Enhancing your Rails app with SQLite: Fine-tuning your database

This is the next in a collection of posts where I want to highlight ways we can enhance our Ruby on Rails applications to take advantage of and empower using SQLite as the database engine for our Rails applications. In this post, we dig into how to tune the SQLite configuration to better support production usage in a web application.


Before jumping into the tuned configuration, let’s step back and get familiar with how SQLite is configured. SQLite uses a custom SQL statement for configuration—the PRAGMA statement:

The PRAGMA statement is an SQL extension specific to SQLite and used to modify the operation of the SQLite library or to query the SQLite library for internal (non-table) data.

As we can see from this definition, there are two basic kinds of PRAGMA statements:

  1. those that “modify the operation of the SQLite library”, and
  2. those that “query the SQLite library for internal data”

For configuring SQLite, we are interested in the former, and not the latter. The SQLite documentation provides a page with an overview of every PRAGMA statement. Filtering out deprecated pragmas, specialized pragmas, and internal data pragmas, we are left with this list of 40 “configuration” pragmas:

analysis_limit
application_id
auto_vacuum
automatic_index
busy_timeout
cache_size
cache_spill
case_sensitive_like
cell_size_check
checkpoint_fullfsync
data_version
defer_foreign_keys
encoding
foreign_keys
freelist_count
fullfsync
hard_heap_limit
ignore_check_constraints
integrity_check
journal_mode
journal_size_limit
legacy_alter_table
locking_mode
max_page_count
mmap_size
page_count
page_size
query_only
quick_check
read_uncommitted
recursive_triggers
reverse_unordered_selects
secure_delete
soft_heap_limit
synchronous
temp_store
threads
trusted_schema
user_version
wal_autocheckpoint

I created a new Rails 7.0.7.2 application and checked the values for each of these pragmas to see how Rails and SQLite are setup by default in a new application:

{"analysis_limit"=>0,
"application_id"=>0,
"auto_vacuum"=>0,
"automatic_index"=>1,
"timeout"=>5000,
"cache_size"=>-2000,
"cache_spill"=>483,
"cell_size_check"=>0,
"checkpoint_fullfsync"=>0,
"data_version"=>1,
"defer_foreign_keys"=>0,
"encoding"=>"UTF-8",
"foreign_keys"=>1,
"freelist_count"=>0,
"fullfsync"=>0,
"hard_heap_limit"=>0,
"ignore_check_constraints"=>0,
"integrity_check"=>"ok",
"journal_mode"=>"delete",
"journal_size_limit"=>-1,
"legacy_alter_table"=>0,
"locking_mode"=>"normal",
"max_page_count"=>1073741823,
"mmap_size"=>0,
"page_count"=>5,
"page_size"=>4096,
"query_only"=>0,
"quick_check"=>"ok",
"read_uncommitted"=>0,
"recursive_triggers"=>0,
"reverse_unordered_selects"=>0,
"secure_delete"=>0,
"soft_heap_limit"=>0,
"synchronous"=>2,
"temp_store"=>0,
"threads"=>0,
"trusted_schema"=>1,
"user_version"=>0,
"wal_autocheckpoint"=>1000}

Note: This output was achieved with this command:

pragmas.reduce({}) do |memo, pragma|
memo.merge!(ActiveRecord::Base.connection.execute("PRAGMA #{pragma}").first)
end

This is interesting, but of course not every pragma is equally important for tuning Rails/ActiveRecord.
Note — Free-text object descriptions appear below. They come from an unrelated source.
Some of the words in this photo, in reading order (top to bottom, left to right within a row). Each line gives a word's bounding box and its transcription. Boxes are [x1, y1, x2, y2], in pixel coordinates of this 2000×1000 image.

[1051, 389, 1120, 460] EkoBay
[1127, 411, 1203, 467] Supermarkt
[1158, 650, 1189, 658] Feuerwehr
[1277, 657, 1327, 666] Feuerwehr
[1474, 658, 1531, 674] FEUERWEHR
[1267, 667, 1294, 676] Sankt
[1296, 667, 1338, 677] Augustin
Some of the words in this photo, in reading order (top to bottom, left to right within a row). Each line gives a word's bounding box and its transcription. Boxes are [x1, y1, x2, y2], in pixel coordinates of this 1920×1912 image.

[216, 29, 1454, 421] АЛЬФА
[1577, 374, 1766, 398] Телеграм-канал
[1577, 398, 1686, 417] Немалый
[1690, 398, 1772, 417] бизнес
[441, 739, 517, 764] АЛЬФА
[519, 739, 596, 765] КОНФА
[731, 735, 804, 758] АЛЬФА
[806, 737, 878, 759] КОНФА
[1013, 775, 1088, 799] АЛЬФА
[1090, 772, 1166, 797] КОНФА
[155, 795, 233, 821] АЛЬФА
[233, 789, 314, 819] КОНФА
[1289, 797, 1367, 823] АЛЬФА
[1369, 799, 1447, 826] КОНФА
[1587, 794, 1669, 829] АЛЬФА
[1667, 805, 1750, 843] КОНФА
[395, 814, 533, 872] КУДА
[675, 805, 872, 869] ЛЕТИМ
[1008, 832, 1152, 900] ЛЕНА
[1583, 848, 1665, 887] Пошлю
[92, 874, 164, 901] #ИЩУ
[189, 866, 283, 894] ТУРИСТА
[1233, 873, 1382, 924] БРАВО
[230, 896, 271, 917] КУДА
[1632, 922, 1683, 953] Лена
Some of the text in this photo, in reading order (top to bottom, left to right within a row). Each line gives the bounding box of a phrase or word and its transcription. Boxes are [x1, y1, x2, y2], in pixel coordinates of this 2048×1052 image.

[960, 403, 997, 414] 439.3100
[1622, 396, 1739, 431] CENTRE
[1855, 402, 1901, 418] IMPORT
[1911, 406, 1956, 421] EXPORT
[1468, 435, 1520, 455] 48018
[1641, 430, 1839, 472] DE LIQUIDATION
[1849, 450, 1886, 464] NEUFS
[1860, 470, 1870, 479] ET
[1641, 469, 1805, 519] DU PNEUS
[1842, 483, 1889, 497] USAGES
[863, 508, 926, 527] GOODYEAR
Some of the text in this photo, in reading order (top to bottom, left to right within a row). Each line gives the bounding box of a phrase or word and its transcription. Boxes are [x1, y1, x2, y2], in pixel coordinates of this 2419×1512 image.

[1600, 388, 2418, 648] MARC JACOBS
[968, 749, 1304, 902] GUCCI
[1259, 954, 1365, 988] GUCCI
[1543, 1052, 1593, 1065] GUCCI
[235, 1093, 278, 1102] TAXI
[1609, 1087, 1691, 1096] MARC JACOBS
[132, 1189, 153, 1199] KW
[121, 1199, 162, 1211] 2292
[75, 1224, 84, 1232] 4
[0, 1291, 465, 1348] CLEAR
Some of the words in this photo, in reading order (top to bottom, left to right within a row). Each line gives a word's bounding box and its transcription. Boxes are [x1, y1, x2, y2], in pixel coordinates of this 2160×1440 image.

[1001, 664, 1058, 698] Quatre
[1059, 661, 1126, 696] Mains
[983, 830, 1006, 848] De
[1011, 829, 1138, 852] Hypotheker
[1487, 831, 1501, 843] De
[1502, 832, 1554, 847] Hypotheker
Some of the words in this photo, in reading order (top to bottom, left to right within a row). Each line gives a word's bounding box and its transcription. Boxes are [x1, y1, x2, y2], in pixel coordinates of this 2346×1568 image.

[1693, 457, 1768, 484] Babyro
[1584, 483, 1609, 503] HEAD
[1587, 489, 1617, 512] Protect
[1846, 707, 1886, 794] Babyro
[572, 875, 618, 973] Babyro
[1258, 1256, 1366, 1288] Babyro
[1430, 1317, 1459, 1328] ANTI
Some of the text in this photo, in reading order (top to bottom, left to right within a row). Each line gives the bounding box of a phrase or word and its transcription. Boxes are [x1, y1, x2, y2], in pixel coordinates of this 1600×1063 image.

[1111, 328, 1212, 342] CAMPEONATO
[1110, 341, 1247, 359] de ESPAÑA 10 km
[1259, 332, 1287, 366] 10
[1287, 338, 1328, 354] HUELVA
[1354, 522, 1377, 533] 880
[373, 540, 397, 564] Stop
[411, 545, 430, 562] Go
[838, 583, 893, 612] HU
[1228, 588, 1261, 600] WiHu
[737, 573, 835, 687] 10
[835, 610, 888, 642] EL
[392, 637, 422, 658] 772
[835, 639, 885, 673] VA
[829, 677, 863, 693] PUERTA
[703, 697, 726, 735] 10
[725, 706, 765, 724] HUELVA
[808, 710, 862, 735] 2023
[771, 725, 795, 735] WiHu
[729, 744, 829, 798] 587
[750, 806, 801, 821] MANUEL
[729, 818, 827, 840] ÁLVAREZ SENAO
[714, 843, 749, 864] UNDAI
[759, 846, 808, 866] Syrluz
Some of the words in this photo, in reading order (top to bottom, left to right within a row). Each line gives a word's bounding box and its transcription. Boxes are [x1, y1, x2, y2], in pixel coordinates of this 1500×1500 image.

So, let’s focus in on the most impactful pragmas. There are around six pragmas that play a big role in performance, especially in the context of a web application:

It is important that we understand what each of these pragmas does, and how best to tune them for our usage in Rails and ActiveRecord.1


The journal_mode pragma

The first and most important pragma to understand and tune is the journal_mode pragma. Since version 3.7.0 (2010-07-21) SQLite has offered two implementations to support the atomic transactions:

The rollback journal is the default and original implementation, while the write-ahead log is the newer implementation. The journal_mode pragma has five options to tune how the rollback journal implementation behaves (DELETE, TRUNCATE, PERSIST, MEMORY, and OFF), and one option that tells SQLite to simply use the write-ahead log implementation (WAL). By default, our new Rails app uses the rollback journal with the DELETE journal mode. This means that the rollback journal file will be deleted from disk after each transaction commits.

For web applications, the write-ahead log is the superior option. As the SQLite documentation outlines, the write-ahead logs comes with a few advantages over the rollback journal that are especially important in the context of a web application:

  • WAL is significantly faster in most scenarios.
  • WAL provides more concurrency as readers do not block writers and a writer does not block readers. Reading and writing can proceed concurrently.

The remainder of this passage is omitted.